Según Marín, el canal no solo reveló su nombre completo, sino también su número de teléfono en el marco de un caso judicial donde, asegura, ni siquiera figura como imputada ni investigada.
“¿Por qué no se aplica el mismo rasero?”, cuestionó en referencia a los recientes despidos en Teletica de dos periodistas que publicaron en redes sociales el número del presidente Rodrigo Chaves. “Si a ellos los echaron por eso, ¿por qué Ignacio Santos no da un paso al lado si hizo algo igual o peor desde el propio noticiero?”, lanzó la regidora.
“Esto no es casualidad… ¿cómo tuvo acceso Teletica al expediente?”
Marín también levantó la voz por el acceso que tuvo el canal a un expediente judicial que, según ella, no debería estar en manos de ningún medio sin autorización. A su juicio, es preocupante que se utilice información de ese calibre para notas periodísticas sin considerar el daño que pueden causar, sobre todo cuando se trata de personas que no tienen ningún señalamiento legal formal.
Además, la regidora dejó entrever su descontento con lo que considera una línea editorial cargada de intereses y con poca equidad.
“Hoy entiendo al presidente. Teletica parece tener una agenda política disfrazada de periodismo”, dijo en tono molesto, sugiriendo que el canal se ha convertido en una plataforma de ataques mediáticos más que en un espacio informativo imparcial.
Se calientan los ánimos en medio de la tormenta mediática
Este nuevo episodio se suma a la ola de críticas que ha recibido Canal 7 en los últimos días, especialmente tras el escándalo de la filtración del número de Chaves y la posterior ola de despidos.

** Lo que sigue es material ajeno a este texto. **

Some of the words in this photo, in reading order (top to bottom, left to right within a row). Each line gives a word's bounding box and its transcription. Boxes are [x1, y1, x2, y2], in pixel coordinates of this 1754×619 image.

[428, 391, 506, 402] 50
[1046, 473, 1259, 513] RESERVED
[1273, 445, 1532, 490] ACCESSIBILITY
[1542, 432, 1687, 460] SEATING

Ahora, con esta denuncia pública de una funcionaria municipal, el canal vuelve al centro de la polémica y enfrenta cuestionamientos sobre su ética periodística y manejo interno.
El país observa con atención cómo evoluciona esta controversia, mientras los costarricenses se preguntan hasta dónde llega el poder de los medios y quién vigila el uso responsable de la información que se transmite en horario estelar.